╭─ RECORD EXCERPTS

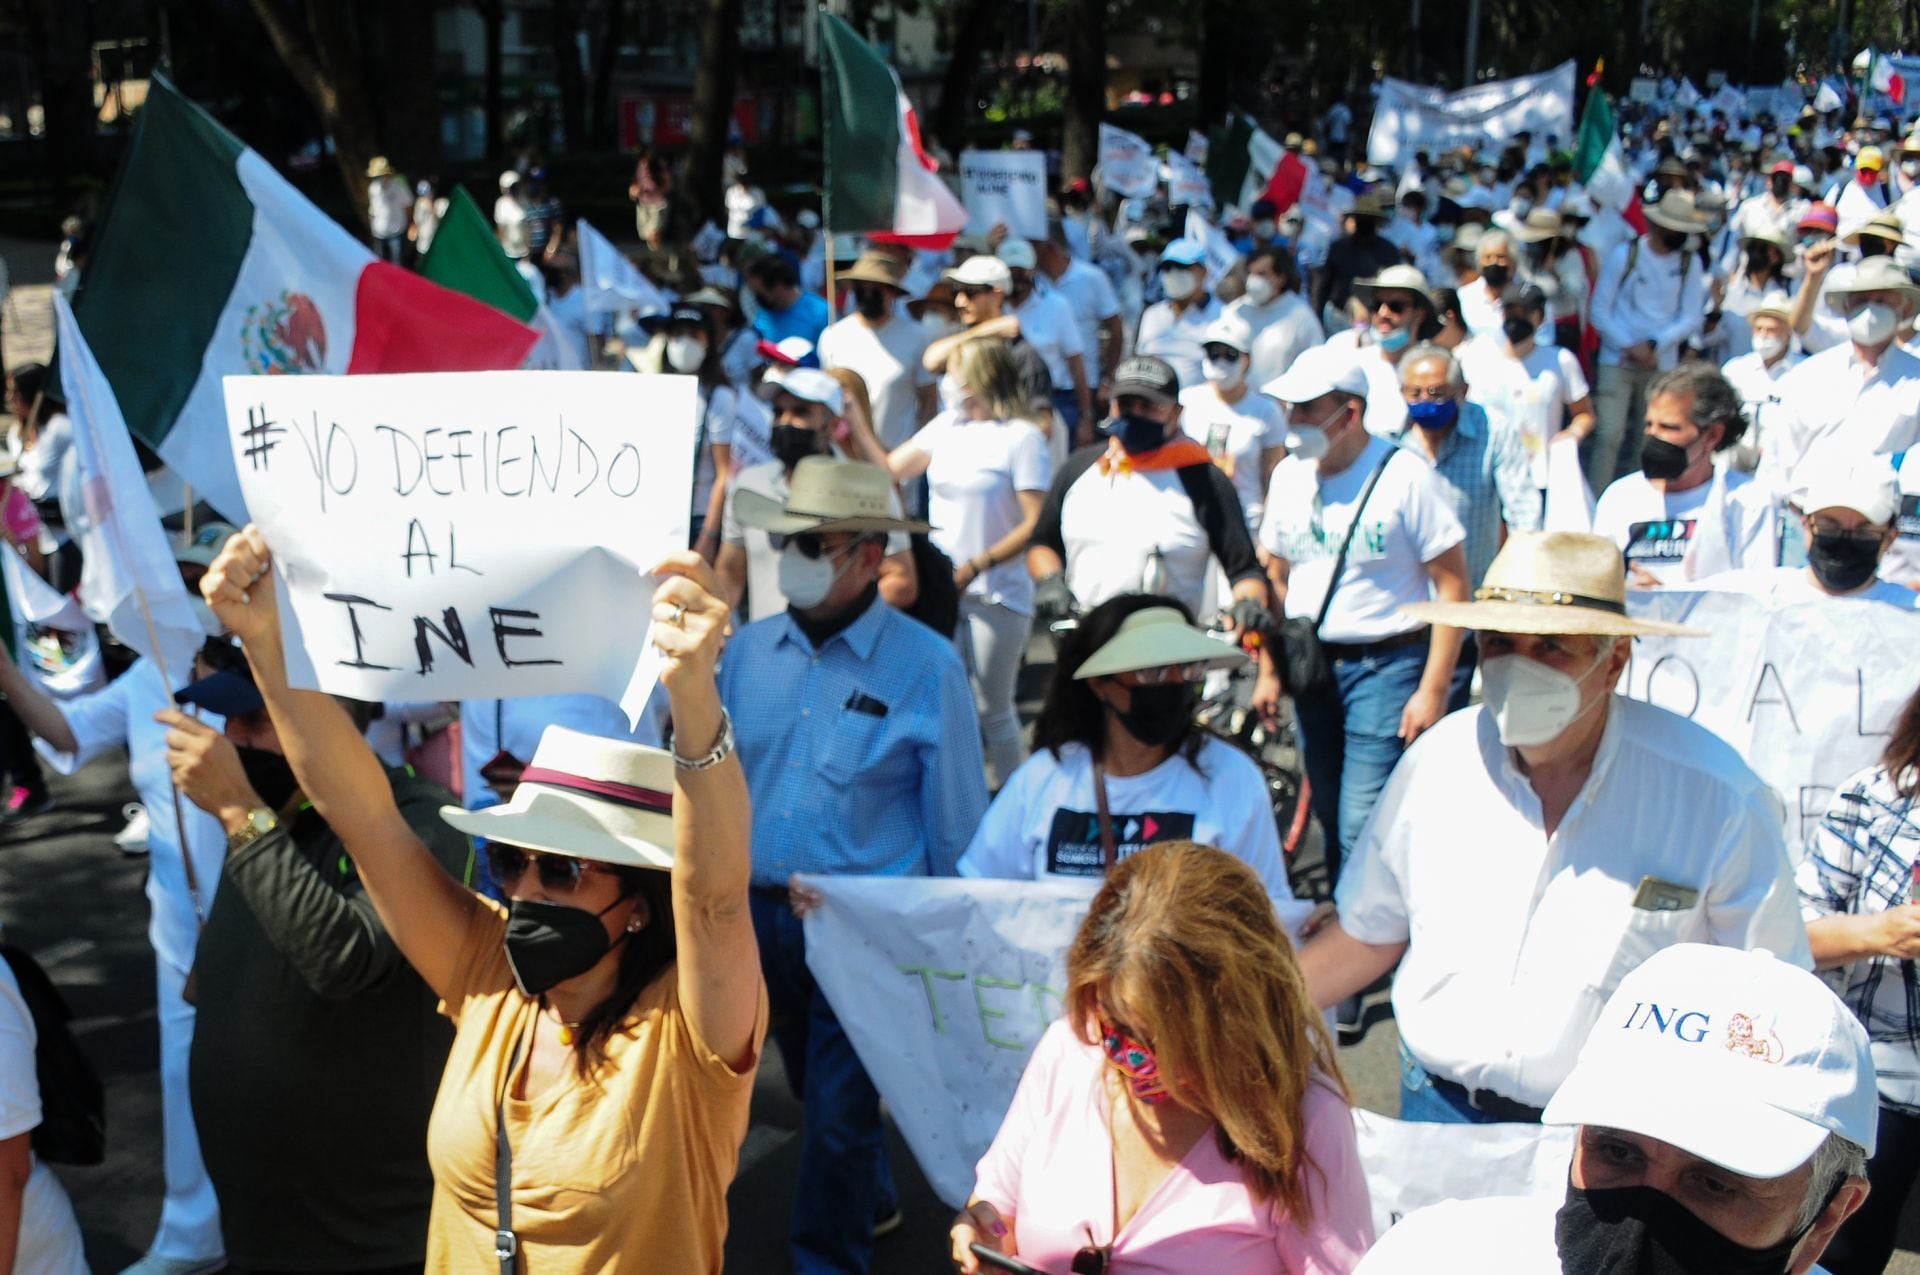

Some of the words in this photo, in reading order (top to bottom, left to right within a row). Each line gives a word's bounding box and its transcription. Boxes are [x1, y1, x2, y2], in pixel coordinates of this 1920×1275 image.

[375, 413, 641, 498] DEFIENDO
[400, 517, 484, 577] AL
[323, 592, 564, 676] INE
[1622, 1002, 1711, 1043] ING
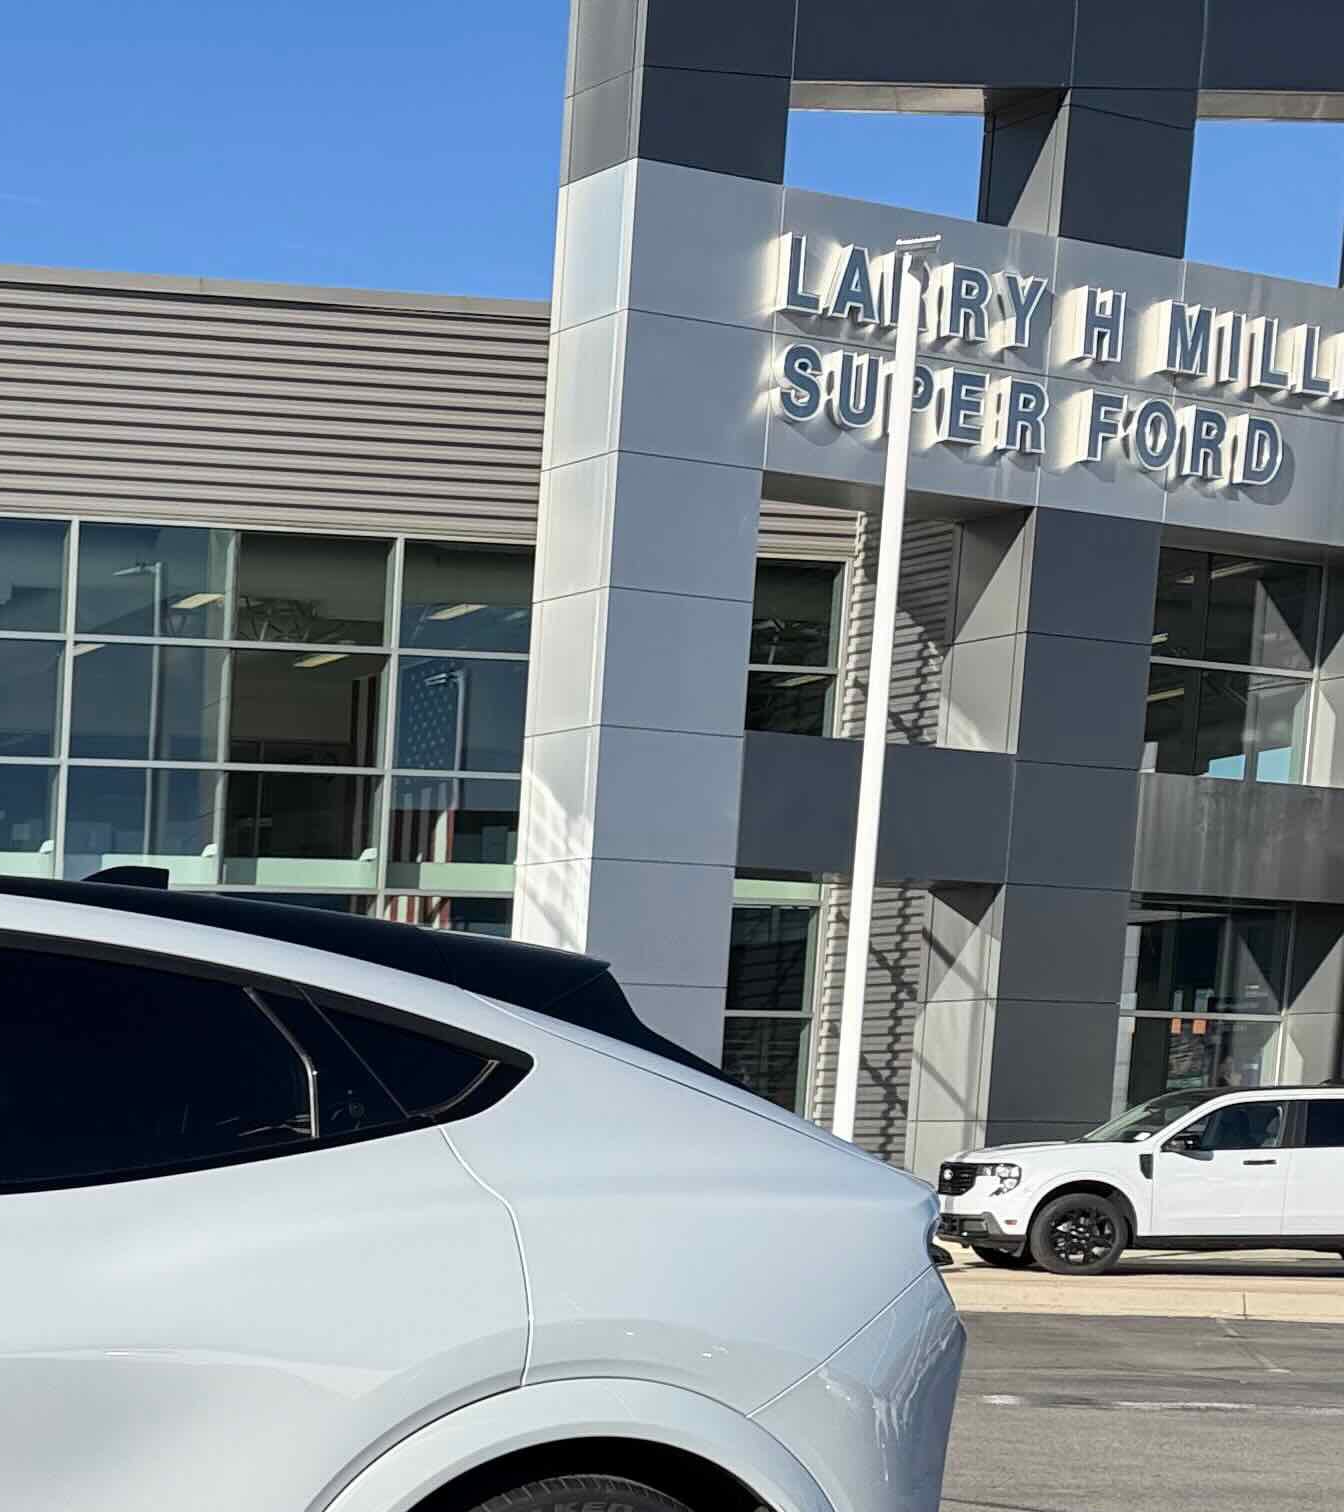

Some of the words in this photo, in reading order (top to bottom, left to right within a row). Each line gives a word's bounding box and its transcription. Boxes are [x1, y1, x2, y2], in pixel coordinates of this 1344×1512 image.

[1066, 285, 1127, 362] H
[1154, 299, 1344, 400] MILL
[1076, 388, 1284, 486] FORD
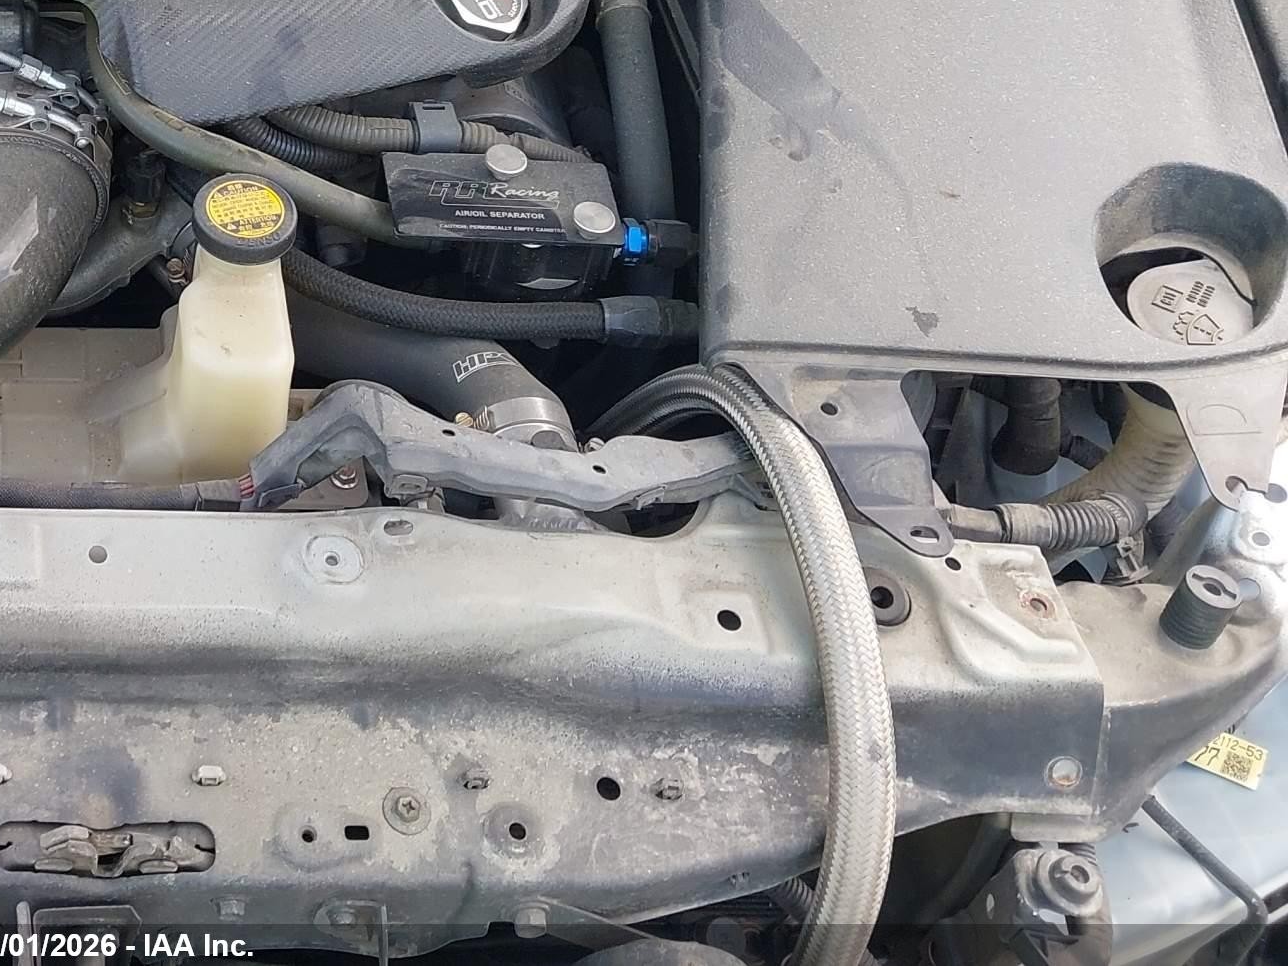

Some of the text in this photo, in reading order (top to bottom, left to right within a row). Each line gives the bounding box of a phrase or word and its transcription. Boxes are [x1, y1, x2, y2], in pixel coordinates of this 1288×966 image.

╰─

INSTRUCTIONS FOR THE TASK> Pick up at the line that holds "this 1344×1512 image." and restate each line, word for word, through the last line of the entries. Include both end lines but none of the pictures.

RESULT>
Some of the words in this photo, in reading order (top to bottom, left to right within a row). Each line gives a word's bounding box and its transcription. Boxes are [x1, y1, x2, y2], in pixel coordinates of this 1344×1512 image.

[1066, 285, 1127, 362] H
[1154, 299, 1344, 400] MILL
[1076, 388, 1284, 486] FORD

Some of the text in this photo, in reading order (top to bottom, left to right within a row). Each line gives the bounding box of a phrase or word and its transcription. Boxes are [x1, y1, x2, y2], in pixel coordinates of this 1288×966 image.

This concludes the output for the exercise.